4. Amasra.
Situata nell'antica regione della Paflagonia, il suo
nome originale sembra sia stato Sesamo, ed è menzionata da Omero insieme alla città di Citoro. Stefano di Bisanzio dice che originariamente la città si chiamava Cromna; ma in un'altra frase, dove ripete l'affermazione, aggiunge che alcuni sostengono che Cromna sia solamente una piccola località nel territorio di Amastri. Una testimonianza simile viene riportata anche da Omero, nell'Iliade[4]. Un'altra recente ipotesi la identifica con Enete la capitale degli antichi Paflagoni, citata nelle Argonautiche.
5. Ḫattuša.
Ḫattuša fu la capitale dell'impero ittita, oltre che un centro religioso di primo ordine e un importante centro culturale.

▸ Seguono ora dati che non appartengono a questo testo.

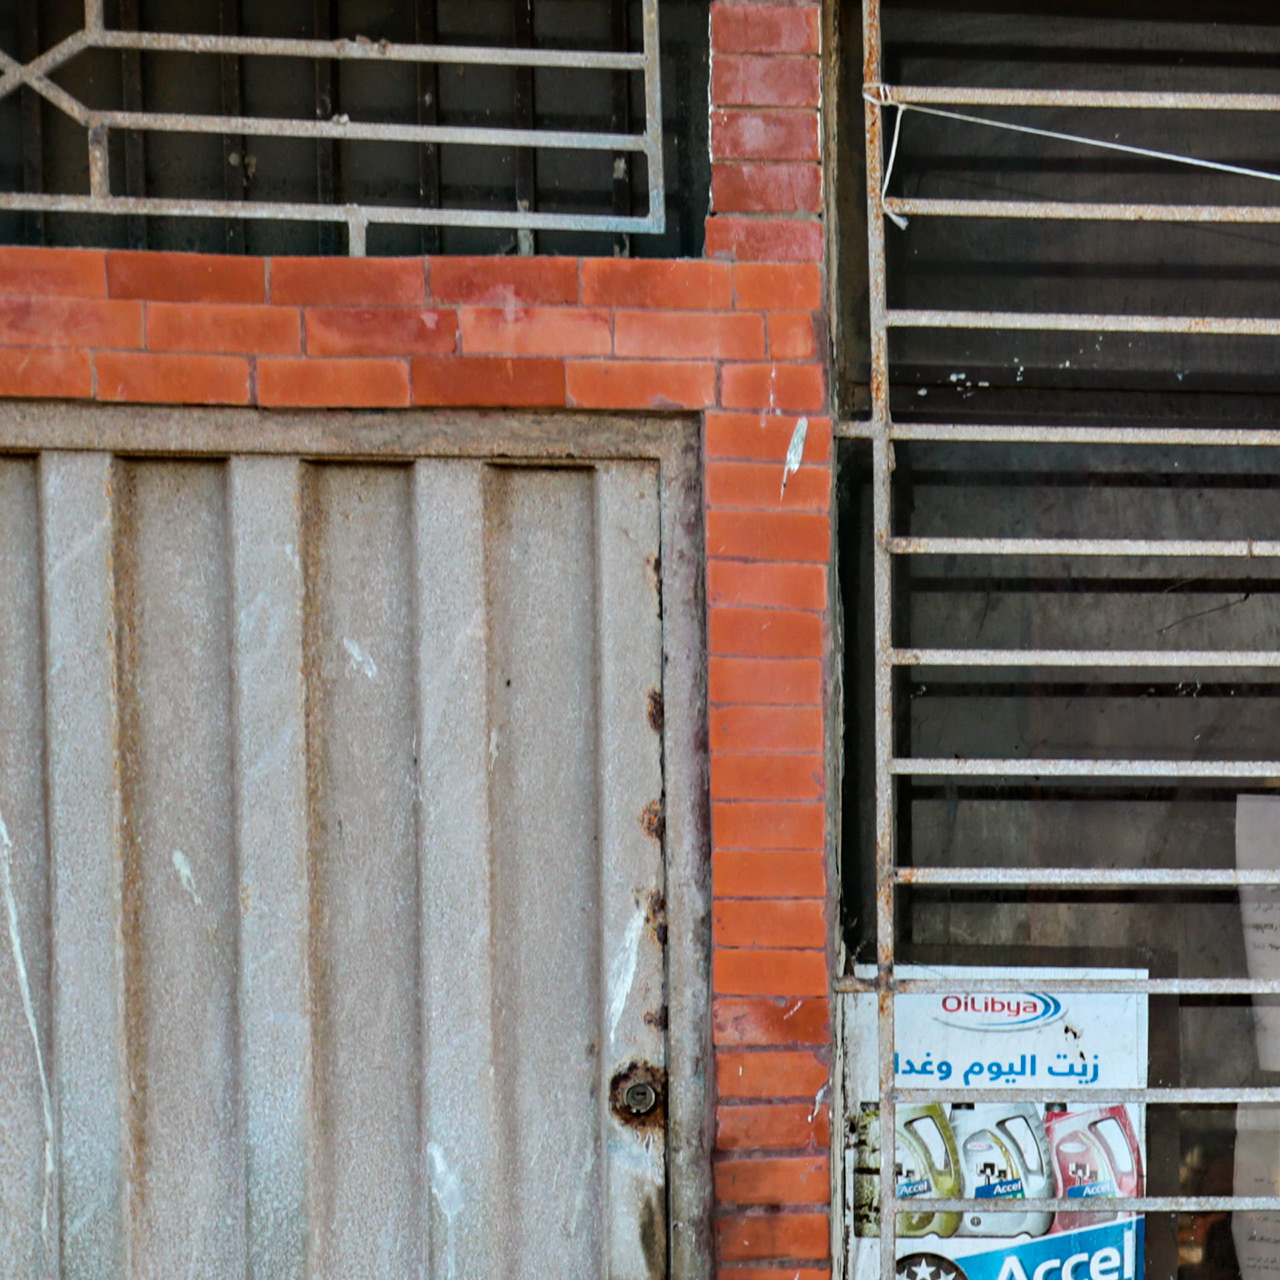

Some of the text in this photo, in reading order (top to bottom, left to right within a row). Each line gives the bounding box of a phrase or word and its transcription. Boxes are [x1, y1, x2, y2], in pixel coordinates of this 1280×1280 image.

[942, 994, 1037, 1017] OiLibya
[894, 1051, 1099, 1086] زيت اليوم وغدا
[900, 1181, 928, 1196] Accel
[993, 1180, 1022, 1194] Accel
[1083, 1182, 1112, 1196] Accel

Oggi è un sito archeologico in Turchia, nei pressi dell'attuale villaggio di Boğazkale, nella provincia di Çorum, all'interno di un'ansa del fiume Kızılırmak (Marashantiya nelle fonti ittite e Halys in quelle greche) nell'Anatolia centrale, a circa 145 km a nord-est di Ankara, a una quota media di 1 100 metri sul livello del mare. Il sito è stato inserito tra i Patrimoni dell'Umanità dell'UNESCO nel 1986.
6. Afyonkarahisar.
Afyonkarahisar (afyon «papavero, oppio», kara «nero», e hisar «fortezza»), fondata dagli Ittiti, fu poi dominata da Alessandro Magno e poi da Roma e Bisanzio, fino al 1392 quando passò fino al 1923 agli Ottomani (salvo un periodo tra il 1402 e il 1429, quando fu sotto il dominio di Tamerlano). Attualmente è uno dei centri principali della Turchia.